How to complete this task: The reply must contain all of the records, unchanged.
····················
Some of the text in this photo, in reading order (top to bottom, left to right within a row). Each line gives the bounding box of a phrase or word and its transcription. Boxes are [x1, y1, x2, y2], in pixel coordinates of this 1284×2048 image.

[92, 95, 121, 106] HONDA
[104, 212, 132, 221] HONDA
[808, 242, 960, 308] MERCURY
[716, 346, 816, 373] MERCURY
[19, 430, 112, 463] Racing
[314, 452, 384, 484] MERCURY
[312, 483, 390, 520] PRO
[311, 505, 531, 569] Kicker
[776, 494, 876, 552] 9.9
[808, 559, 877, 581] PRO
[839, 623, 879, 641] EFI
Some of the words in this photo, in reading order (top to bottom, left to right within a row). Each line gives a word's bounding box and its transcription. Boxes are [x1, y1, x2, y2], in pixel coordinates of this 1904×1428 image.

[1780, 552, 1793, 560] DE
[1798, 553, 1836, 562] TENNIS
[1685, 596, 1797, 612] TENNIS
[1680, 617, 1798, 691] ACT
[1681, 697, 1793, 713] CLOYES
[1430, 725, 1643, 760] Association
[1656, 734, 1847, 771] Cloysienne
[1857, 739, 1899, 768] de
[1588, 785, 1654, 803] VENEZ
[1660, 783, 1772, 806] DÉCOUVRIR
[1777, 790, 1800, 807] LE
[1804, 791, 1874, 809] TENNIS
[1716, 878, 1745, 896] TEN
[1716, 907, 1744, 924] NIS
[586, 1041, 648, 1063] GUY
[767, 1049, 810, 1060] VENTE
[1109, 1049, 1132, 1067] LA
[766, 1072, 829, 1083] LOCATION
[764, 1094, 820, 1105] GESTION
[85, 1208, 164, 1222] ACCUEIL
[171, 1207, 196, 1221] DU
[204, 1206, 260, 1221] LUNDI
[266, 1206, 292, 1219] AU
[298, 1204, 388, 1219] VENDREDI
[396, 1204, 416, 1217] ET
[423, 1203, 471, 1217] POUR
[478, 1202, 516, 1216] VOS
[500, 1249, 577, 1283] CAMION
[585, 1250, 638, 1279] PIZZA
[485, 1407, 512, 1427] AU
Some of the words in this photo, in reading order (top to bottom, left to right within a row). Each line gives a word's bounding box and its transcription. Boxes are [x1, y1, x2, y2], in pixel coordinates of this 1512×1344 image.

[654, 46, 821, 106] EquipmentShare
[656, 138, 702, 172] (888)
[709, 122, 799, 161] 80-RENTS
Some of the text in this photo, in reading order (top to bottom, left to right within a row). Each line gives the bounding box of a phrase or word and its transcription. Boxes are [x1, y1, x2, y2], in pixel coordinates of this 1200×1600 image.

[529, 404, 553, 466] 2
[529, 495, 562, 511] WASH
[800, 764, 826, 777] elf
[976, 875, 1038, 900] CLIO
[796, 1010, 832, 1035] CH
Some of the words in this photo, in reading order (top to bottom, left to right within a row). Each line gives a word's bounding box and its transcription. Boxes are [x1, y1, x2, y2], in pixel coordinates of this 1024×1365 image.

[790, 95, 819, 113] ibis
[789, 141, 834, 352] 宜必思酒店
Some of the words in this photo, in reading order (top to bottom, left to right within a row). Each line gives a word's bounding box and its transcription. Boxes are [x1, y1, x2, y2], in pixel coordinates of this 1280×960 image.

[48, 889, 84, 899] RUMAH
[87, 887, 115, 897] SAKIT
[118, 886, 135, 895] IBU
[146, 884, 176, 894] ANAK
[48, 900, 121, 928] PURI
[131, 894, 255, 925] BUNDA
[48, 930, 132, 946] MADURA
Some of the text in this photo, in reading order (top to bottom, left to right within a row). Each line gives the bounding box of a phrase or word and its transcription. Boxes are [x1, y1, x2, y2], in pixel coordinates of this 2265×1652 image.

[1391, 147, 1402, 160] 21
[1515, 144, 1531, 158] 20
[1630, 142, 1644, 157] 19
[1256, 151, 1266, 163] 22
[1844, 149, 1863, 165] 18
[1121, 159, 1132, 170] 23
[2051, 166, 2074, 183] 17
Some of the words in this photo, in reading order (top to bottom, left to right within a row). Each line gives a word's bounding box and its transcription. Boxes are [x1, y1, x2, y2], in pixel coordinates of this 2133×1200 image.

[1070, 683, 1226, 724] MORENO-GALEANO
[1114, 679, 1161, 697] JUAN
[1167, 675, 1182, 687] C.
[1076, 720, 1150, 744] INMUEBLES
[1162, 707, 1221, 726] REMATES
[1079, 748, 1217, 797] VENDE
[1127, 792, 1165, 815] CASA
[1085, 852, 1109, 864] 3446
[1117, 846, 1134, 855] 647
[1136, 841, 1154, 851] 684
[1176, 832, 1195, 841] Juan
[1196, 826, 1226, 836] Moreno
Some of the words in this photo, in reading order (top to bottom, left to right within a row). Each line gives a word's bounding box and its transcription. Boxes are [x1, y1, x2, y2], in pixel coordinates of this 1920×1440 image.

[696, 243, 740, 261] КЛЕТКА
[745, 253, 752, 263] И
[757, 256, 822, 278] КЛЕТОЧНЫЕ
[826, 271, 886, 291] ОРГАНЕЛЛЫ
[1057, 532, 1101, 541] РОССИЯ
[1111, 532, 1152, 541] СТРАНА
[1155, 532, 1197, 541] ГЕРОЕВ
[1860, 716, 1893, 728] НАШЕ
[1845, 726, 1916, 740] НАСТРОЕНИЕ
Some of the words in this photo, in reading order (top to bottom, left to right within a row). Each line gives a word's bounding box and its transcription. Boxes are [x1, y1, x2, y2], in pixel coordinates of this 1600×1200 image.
····················
Written answer:
Some of the text in this photo, in reading order (top to bottom, left to right within a row). Each line gives the bounding box of a phrase or word and its transcription. Boxes are [x1, y1, x2, y2], in pixel coordinates of this 1284×2048 image.

[92, 95, 121, 106] HONDA
[104, 212, 132, 221] HONDA
[808, 242, 960, 308] MERCURY
[716, 346, 816, 373] MERCURY
[19, 430, 112, 463] Racing
[314, 452, 384, 484] MERCURY
[312, 483, 390, 520] PRO
[311, 505, 531, 569] Kicker
[776, 494, 876, 552] 9.9
[808, 559, 877, 581] PRO
[839, 623, 879, 641] EFI
Some of the words in this photo, in reading order (top to bottom, left to right within a row). Each line gives a word's bounding box and its transcription. Boxes are [x1, y1, x2, y2], in pixel coordinates of this 1904×1428 image.

[1780, 552, 1793, 560] DE
[1798, 553, 1836, 562] TENNIS
[1685, 596, 1797, 612] TENNIS
[1680, 617, 1798, 691] ACT
[1681, 697, 1793, 713] CLOYES
[1430, 725, 1643, 760] Association
[1656, 734, 1847, 771] Cloysienne
[1857, 739, 1899, 768] de
[1588, 785, 1654, 803] VENEZ
[1660, 783, 1772, 806] DÉCOUVRIR
[1777, 790, 1800, 807] LE
[1804, 791, 1874, 809] TENNIS
[1716, 878, 1745, 896] TEN
[1716, 907, 1744, 924] NIS
[586, 1041, 648, 1063] GUY
[767, 1049, 810, 1060] VENTE
[1109, 1049, 1132, 1067] LA
[766, 1072, 829, 1083] LOCATION
[764, 1094, 820, 1105] GESTION
[85, 1208, 164, 1222] ACCUEIL
[171, 1207, 196, 1221] DU
[204, 1206, 260, 1221] LUNDI
[266, 1206, 292, 1219] AU
[298, 1204, 388, 1219] VENDREDI
[396, 1204, 416, 1217] ET
[423, 1203, 471, 1217] POUR
[478, 1202, 516, 1216] VOS
[500, 1249, 577, 1283] CAMION
[585, 1250, 638, 1279] PIZZA
[485, 1407, 512, 1427] AU
Some of the words in this photo, in reading order (top to bottom, left to right within a row). Each line gives a word's bounding box and its transcription. Boxes are [x1, y1, x2, y2], in pixel coordinates of this 1512×1344 image.

[654, 46, 821, 106] EquipmentShare
[656, 138, 702, 172] (888)
[709, 122, 799, 161] 80-RENTS
Some of the text in this photo, in reading order (top to bottom, left to right within a row). Each line gives the bounding box of a phrase or word and its transcription. Boxes are [x1, y1, x2, y2], in pixel coordinates of this 1200×1600 image.

[529, 404, 553, 466] 2
[529, 495, 562, 511] WASH
[800, 764, 826, 777] elf
[976, 875, 1038, 900] CLIO
[796, 1010, 832, 1035] CH
Some of the words in this photo, in reading order (top to bottom, left to right within a row). Each line gives a word's bounding box and its transcription. Boxes are [x1, y1, x2, y2], in pixel coordinates of this 1024×1365 image.

[790, 95, 819, 113] ibis
[789, 141, 834, 352] 宜必思酒店
Some of the words in this photo, in reading order (top to bottom, left to right within a row). Each line gives a word's bounding box and its transcription. Boxes are [x1, y1, x2, y2], in pixel coordinates of this 1280×960 image.

[48, 889, 84, 899] RUMAH
[87, 887, 115, 897] SAKIT
[118, 886, 135, 895] IBU
[146, 884, 176, 894] ANAK
[48, 900, 121, 928] PURI
[131, 894, 255, 925] BUNDA
[48, 930, 132, 946] MADURA
Some of the text in this photo, in reading order (top to bottom, left to right within a row). Each line gives the bounding box of a phrase or word and its transcription. Boxes are [x1, y1, x2, y2], in pixel coordinates of this 2265×1652 image.

[1391, 147, 1402, 160] 21
[1515, 144, 1531, 158] 20
[1630, 142, 1644, 157] 19
[1256, 151, 1266, 163] 22
[1844, 149, 1863, 165] 18
[1121, 159, 1132, 170] 23
[2051, 166, 2074, 183] 17
Some of the words in this photo, in reading order (top to bottom, left to right within a row). Each line gives a word's bounding box and its transcription. Boxes are [x1, y1, x2, y2], in pixel coordinates of this 2133×1200 image.

[1070, 683, 1226, 724] MORENO-GALEANO
[1114, 679, 1161, 697] JUAN
[1167, 675, 1182, 687] C.
[1076, 720, 1150, 744] INMUEBLES
[1162, 707, 1221, 726] REMATES
[1079, 748, 1217, 797] VENDE
[1127, 792, 1165, 815] CASA
[1085, 852, 1109, 864] 3446
[1117, 846, 1134, 855] 647
[1136, 841, 1154, 851] 684
[1176, 832, 1195, 841] Juan
[1196, 826, 1226, 836] Moreno
Some of the words in this photo, in reading order (top to bottom, left to right within a row). Each line gives a word's bounding box and its transcription. Boxes are [x1, y1, x2, y2], in pixel coordinates of this 1920×1440 image.

[696, 243, 740, 261] КЛЕТКА
[745, 253, 752, 263] И
[757, 256, 822, 278] КЛЕТОЧНЫЕ
[826, 271, 886, 291] ОРГАНЕЛЛЫ
[1057, 532, 1101, 541] РОССИЯ
[1111, 532, 1152, 541] СТРАНА
[1155, 532, 1197, 541] ГЕРОЕВ
[1860, 716, 1893, 728] НАШЕ
[1845, 726, 1916, 740] НАСТРОЕНИЕ
Some of the words in this photo, in reading order (top to bottom, left to right within a row). Each line gives a word's bounding box and its transcription. Boxes are [x1, y1, x2, y2], in pixel coordinates of this 1600×1200 image.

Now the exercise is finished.